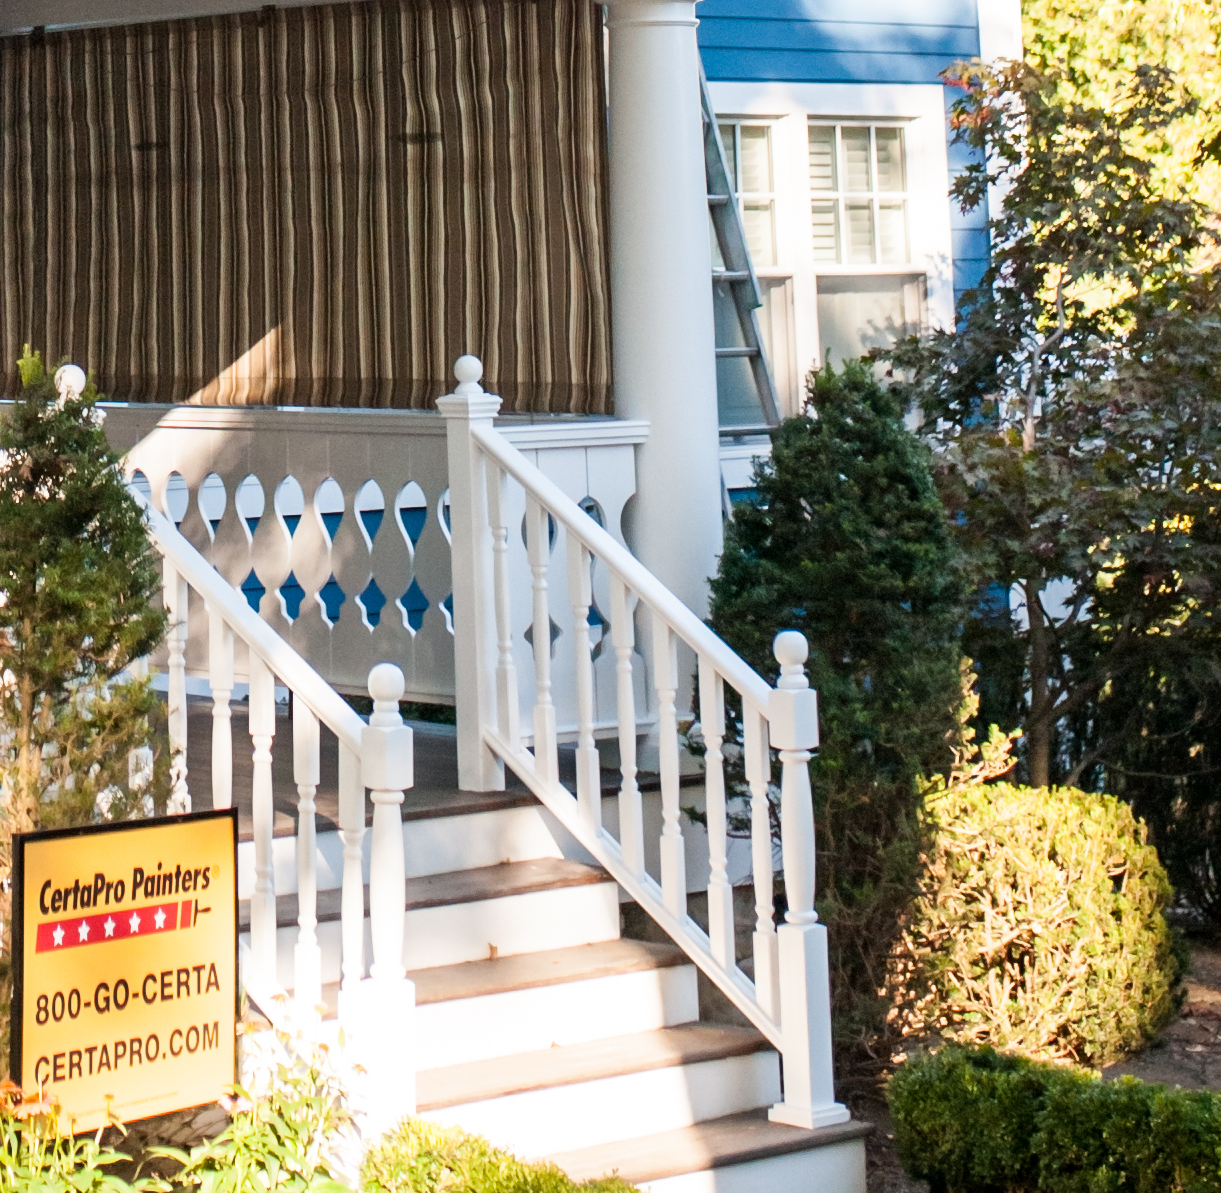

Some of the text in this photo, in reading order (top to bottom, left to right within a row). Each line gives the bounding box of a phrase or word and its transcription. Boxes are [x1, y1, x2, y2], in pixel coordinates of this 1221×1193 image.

[39, 861, 211, 915] CertaPro Painters
[35, 962, 220, 1026] 800-GO-CERTA
[34, 1021, 220, 1086] CERTAPRO.COM
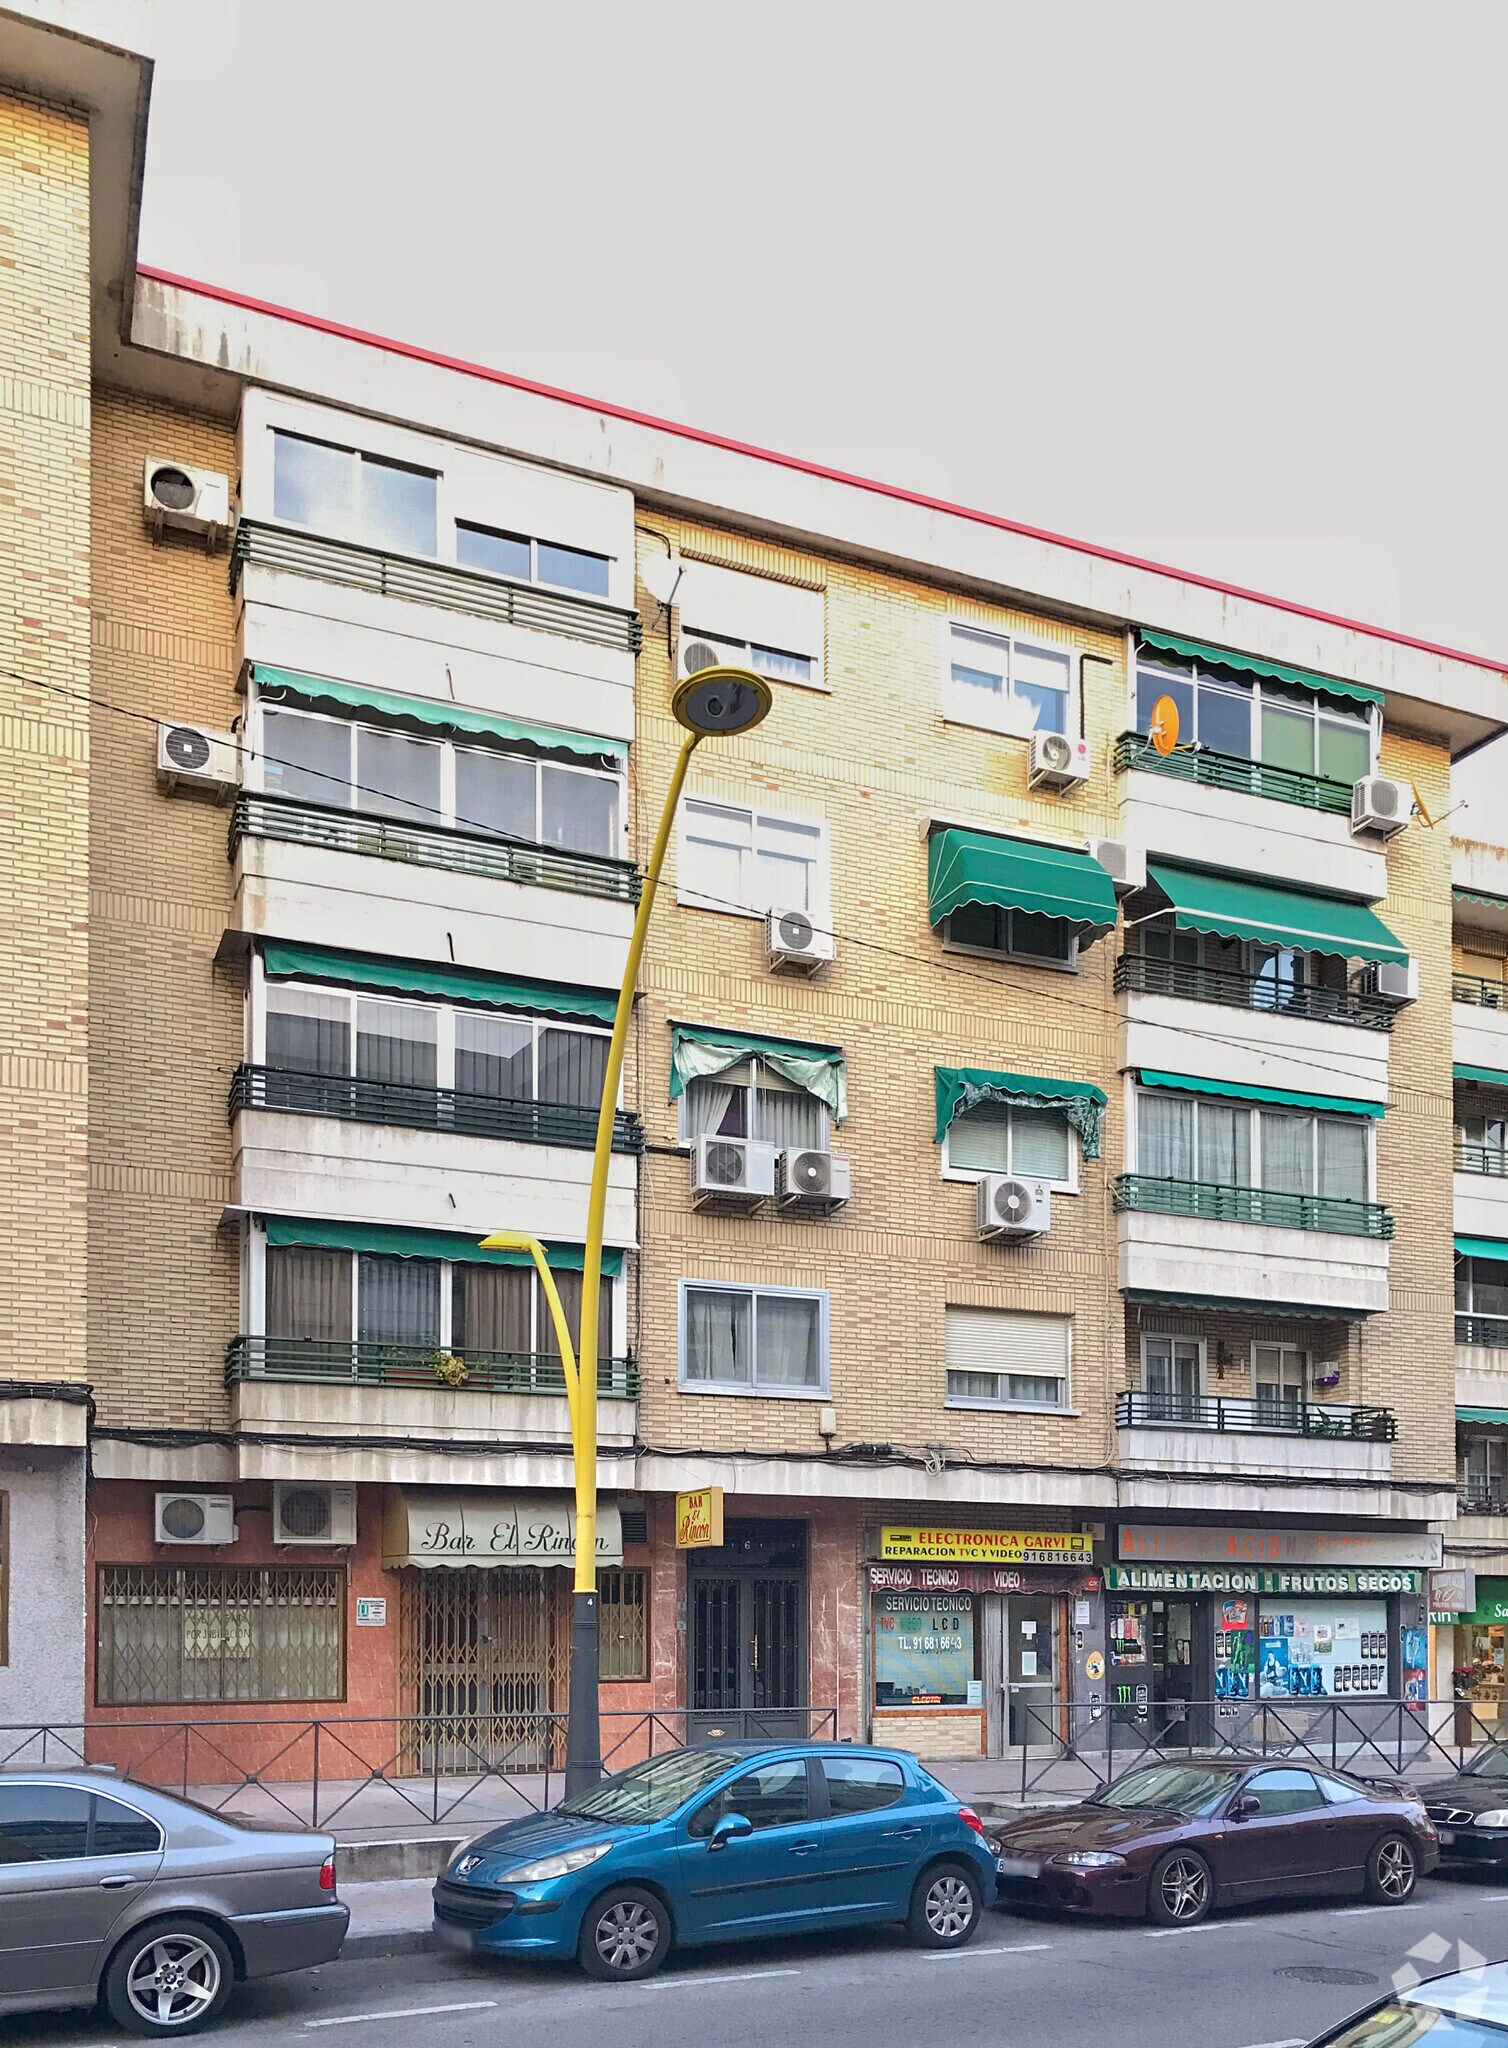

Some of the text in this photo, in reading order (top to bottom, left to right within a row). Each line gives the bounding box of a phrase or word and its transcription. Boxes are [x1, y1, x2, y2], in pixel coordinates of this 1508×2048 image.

[689, 1495, 703, 1509] BAR
[421, 1521, 609, 1552] Bar El Rincn
[918, 1532, 1066, 1549] ELECTRONICA GARVI
[744, 1540, 751, 1551] 6
[884, 1546, 1093, 1563] REPARACION TVC Y VIDEO 916816643
[870, 1567, 1020, 1588] SERVICIO TECNICO VIDEO
[1117, 1570, 1257, 1590] ALIMENTACION
[1281, 1575, 1349, 1591] FRUTOS
[1357, 1576, 1412, 1592] SECOS
[886, 1596, 972, 1612] SERVICIO TECNICO
[880, 1616, 895, 1631] TVC
[913, 1636, 923, 1650] 91
[924, 1636, 939, 1650] 681
[940, 1636, 962, 1651] 6643

§ **WHAT YOU ARE ASKED TO DO**
Each record above is to be returned unchanged, while any picture it holds stays out.

§ **RESPONSE BELOW**
Some of the text in this photo, in reading order (top to bottom, left to right within a row). Each line gives the bounding box of a phrase or word and its transcription. Boxes are [x1, y1, x2, y2], in pixel coordinates of this 1221×1193 image.

[39, 861, 211, 915] CertaPro Painters
[35, 962, 220, 1026] 800-GO-CERTA
[34, 1021, 220, 1086] CERTAPRO.COM

Some of the text in this photo, in reading order (top to bottom, left to right within a row). Each line gives the bounding box of a phrase or word and its transcription. Boxes are [x1, y1, x2, y2], in pixel coordinates of this 1508×2048 image.

[689, 1495, 703, 1509] BAR
[421, 1521, 609, 1552] Bar El Rincn
[918, 1532, 1066, 1549] ELECTRONICA GARVI
[744, 1540, 751, 1551] 6
[884, 1546, 1093, 1563] REPARACION TVC Y VIDEO 916816643
[870, 1567, 1020, 1588] SERVICIO TECNICO VIDEO
[1117, 1570, 1257, 1590] ALIMENTACION
[1281, 1575, 1349, 1591] FRUTOS
[1357, 1576, 1412, 1592] SECOS
[886, 1596, 972, 1612] SERVICIO TECNICO
[880, 1616, 895, 1631] TVC
[913, 1636, 923, 1650] 91
[924, 1636, 939, 1650] 681
[940, 1636, 962, 1651] 6643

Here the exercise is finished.